NAKAMURAI think the system will be applicable to risks other than large-scale disasters if we can satisfy the two points of quantifying the risks and there being many sites within the relevant areas.
For example, the system may be applied to the risk of blackouts. We seldom have blackouts in Japan, but there are areas in other countries where blackouts tend to happen as the power supply is unstable. In such areas, the system may be utilized for protecting data from blackouts by quantifying the probability of blackouts. As such, I hope to expand the scope of the research so that it is useful in situations other than large-scale disasters, such as in the risk of failures that happen in normal times.
KAMEIThe newly developed system is a prototype for verifying the principles, and its operations are rather complicated. If you ask me whether the system can be readily used by people who have little knowledge of IT, I would say it is a bit difficult right now. I want to refine the system so that many people can use it fairly easily.
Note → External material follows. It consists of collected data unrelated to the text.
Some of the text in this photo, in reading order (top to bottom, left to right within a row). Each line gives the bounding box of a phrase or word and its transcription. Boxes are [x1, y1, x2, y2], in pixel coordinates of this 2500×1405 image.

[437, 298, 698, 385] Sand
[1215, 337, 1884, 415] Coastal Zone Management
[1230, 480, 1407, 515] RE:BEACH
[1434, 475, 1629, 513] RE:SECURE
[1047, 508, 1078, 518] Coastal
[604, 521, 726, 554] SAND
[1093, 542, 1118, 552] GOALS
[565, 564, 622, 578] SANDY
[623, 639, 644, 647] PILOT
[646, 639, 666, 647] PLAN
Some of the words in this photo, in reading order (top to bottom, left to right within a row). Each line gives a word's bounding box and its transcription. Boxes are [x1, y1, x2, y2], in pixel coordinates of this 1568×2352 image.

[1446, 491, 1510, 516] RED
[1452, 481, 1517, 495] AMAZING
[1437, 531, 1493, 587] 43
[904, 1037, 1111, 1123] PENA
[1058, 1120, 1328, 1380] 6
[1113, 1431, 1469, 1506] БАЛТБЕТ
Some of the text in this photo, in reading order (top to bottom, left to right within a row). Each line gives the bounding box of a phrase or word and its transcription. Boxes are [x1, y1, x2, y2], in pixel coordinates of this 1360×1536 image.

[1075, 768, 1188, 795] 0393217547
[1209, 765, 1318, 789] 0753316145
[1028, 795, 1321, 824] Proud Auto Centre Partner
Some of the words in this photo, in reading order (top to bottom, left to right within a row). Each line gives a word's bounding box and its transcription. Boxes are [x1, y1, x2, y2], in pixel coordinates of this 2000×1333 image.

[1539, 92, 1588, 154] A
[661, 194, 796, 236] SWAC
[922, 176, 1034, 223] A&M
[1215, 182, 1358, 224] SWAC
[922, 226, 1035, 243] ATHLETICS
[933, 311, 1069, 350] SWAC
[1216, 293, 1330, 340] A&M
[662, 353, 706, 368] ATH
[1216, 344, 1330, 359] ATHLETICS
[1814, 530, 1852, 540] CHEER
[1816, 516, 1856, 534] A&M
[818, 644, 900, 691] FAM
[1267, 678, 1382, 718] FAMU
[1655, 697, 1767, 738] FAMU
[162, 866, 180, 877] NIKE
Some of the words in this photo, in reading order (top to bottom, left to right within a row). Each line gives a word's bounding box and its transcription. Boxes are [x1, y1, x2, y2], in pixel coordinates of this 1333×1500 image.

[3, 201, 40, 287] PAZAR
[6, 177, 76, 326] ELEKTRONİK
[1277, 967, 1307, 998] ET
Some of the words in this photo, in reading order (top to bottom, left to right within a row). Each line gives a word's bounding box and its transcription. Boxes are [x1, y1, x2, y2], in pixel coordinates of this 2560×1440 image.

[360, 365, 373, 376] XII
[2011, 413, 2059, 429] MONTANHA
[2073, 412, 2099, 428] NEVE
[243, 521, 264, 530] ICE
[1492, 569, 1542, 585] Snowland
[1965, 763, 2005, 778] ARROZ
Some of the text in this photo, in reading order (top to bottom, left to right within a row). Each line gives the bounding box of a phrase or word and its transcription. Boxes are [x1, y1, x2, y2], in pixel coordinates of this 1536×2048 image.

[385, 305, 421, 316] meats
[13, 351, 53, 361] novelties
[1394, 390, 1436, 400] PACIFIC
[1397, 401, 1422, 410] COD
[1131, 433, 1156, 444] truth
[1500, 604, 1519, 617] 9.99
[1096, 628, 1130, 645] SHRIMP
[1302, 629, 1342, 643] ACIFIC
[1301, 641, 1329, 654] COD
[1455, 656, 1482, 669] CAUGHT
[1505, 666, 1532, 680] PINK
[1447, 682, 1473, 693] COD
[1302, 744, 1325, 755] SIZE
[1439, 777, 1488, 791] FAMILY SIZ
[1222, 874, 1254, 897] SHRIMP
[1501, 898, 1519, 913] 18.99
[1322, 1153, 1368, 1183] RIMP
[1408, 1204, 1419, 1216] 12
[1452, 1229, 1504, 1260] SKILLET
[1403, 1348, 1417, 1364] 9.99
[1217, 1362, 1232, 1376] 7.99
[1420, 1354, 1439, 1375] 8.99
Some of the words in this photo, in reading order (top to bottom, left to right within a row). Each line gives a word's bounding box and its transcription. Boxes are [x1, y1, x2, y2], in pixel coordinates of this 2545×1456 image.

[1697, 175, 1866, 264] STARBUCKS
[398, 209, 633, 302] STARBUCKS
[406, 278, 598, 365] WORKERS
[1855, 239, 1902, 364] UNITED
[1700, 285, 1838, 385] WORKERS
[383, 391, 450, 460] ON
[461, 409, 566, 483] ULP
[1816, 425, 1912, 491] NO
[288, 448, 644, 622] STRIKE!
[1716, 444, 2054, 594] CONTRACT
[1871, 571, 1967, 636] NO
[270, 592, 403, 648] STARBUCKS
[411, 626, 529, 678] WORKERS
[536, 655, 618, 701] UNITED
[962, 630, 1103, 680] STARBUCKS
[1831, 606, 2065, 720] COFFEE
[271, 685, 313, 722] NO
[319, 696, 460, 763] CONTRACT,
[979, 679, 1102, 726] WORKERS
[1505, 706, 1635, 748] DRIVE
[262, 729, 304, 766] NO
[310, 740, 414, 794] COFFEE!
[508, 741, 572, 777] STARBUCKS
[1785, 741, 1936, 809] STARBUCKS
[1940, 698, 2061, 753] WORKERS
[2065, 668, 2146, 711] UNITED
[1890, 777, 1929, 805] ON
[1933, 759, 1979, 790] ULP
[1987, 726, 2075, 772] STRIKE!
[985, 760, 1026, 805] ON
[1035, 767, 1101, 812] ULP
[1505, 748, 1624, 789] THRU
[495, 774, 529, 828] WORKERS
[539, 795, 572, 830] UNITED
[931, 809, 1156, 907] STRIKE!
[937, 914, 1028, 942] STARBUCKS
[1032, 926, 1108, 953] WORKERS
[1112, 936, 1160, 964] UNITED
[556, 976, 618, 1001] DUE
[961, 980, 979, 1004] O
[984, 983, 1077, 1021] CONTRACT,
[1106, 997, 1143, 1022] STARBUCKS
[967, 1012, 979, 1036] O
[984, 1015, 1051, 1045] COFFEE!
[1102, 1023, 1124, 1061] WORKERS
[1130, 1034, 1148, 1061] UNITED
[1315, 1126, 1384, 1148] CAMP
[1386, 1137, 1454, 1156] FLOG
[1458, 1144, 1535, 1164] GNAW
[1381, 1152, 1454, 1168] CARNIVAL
As large-scale disasters are forecasted to happen in various areas, I think we have to prepare for disasters. We have developed technologies to protect data from disasters but, if the system remains difficult to use, it won't work when it is needed. We will work to make the system easier to use and readier for application. By doing so, I hope to refine it into a system that can securely protect what must be protected.
NAKAMURADuring the development, I was transferred to Tohoku University for the work. Partly because of this, I have a different perspective for my goals. I feel it was really good that Hitachi made the research jointly with the university. Corporations and universities each have their own advantages, and the joint research successfully incorporated both. Joint research with a university makes it possible to achieve what research by a corporation alone cannot attain. That's what I strongly felt through the project. Going forward, I hope to continue research of this type.